6. If a Standalone (Algorithm Only Without Human-in-the-Loop Performance) Was Done

• This is not applicable in the context of an AI algorithm. However, for a blood glucose meter, the "standalone" performance would typically refer to the device's accuracy in measuring glucose levels independently. The document states that the system's accuracy performance was compared to the predicate device to demonstrate substantial equivalence, implying its standalone measurement capability was assessed.

7. The Type of Ground Truth Used

• For blood glucose monitoring systems, the ground truth is typically established by reference laboratory methods (e.g., YSI analyzer) for glucose measurement. While not explicitly detailed in this summary, it's the standard practice for such devices to compare their readings against a highly accurate laboratory method. The document mentions "system accuracy performance," which would inherently involve comparison to a gold standard.
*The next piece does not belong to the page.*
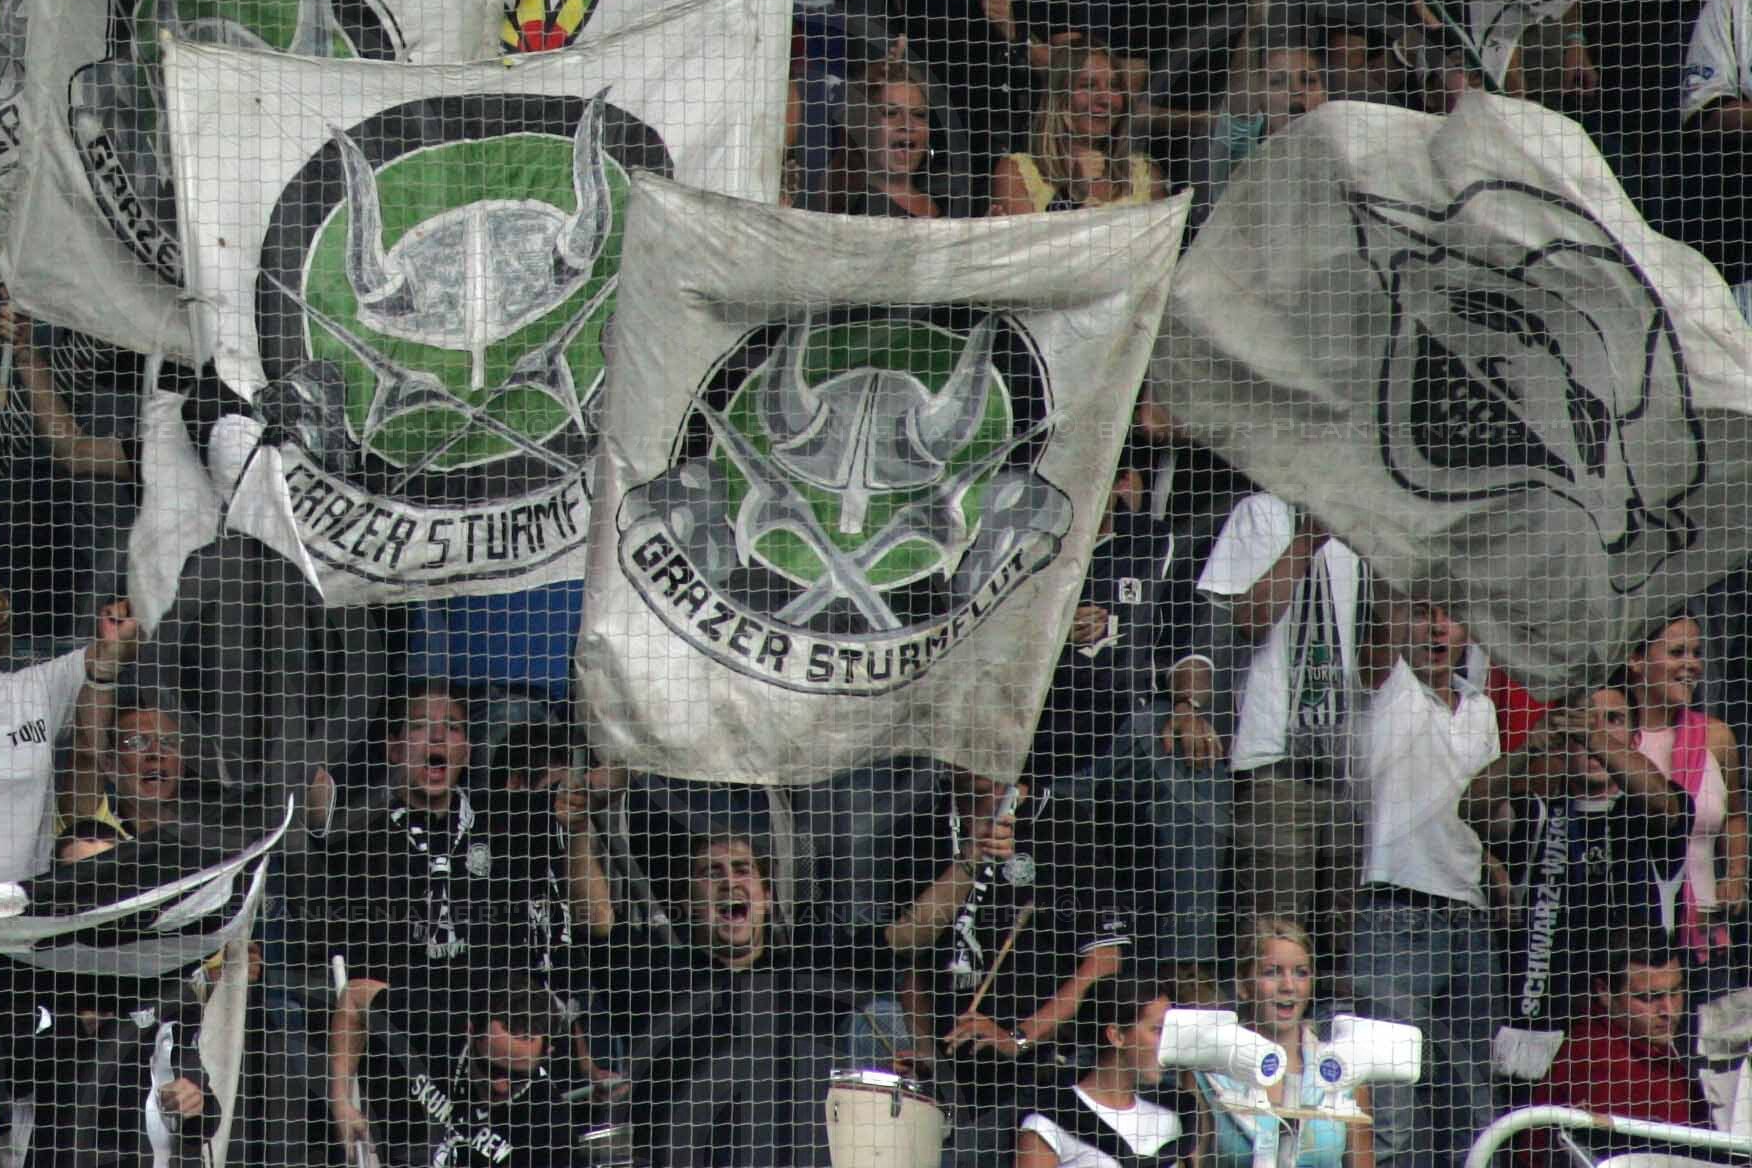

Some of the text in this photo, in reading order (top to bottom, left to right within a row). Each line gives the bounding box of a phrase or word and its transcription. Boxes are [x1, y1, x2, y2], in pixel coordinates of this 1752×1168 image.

[87, 134, 183, 279] GRAZE
[631, 532, 1028, 684] GRAZER STURMFLUT
[411, 1074, 514, 1164] SKUN REW
8. The Sample Size for the Training Set

• Sample Size for Training Set: Not applicable or not specified. This document pertains to a blood glucose meter, not a machine learning or AI algorithm that requires a "training set" in the conventional sense. The "training" here would refer to the device's design and calibration, not an AI model.

9. How the Ground Truth for the Training Set Was Established

• How Ground Truth for Training Set Was Established: Not applicable. As mentioned, this is not an AI algorithm requiring a training set in the machine learning context. The calibration and design of the blood glucose meter would rely on established chemical and electrical engineering principles, with accuracy validated against reference methods.

In summary, this 510(k) submission primarily demonstrates substantial equivalence to a previously cleared predicate device (K101635) by confirming similar operating principles, fundamental technology, circuit design, materials, shelf life, packaging, and manufacturing processes, along with confirmed performance characteristics through "software verification and validation testing." It does not present a detailed, de novo study with explicit acceptance criteria and corresponding performance data as might be expected for novel devices or AI algorithms.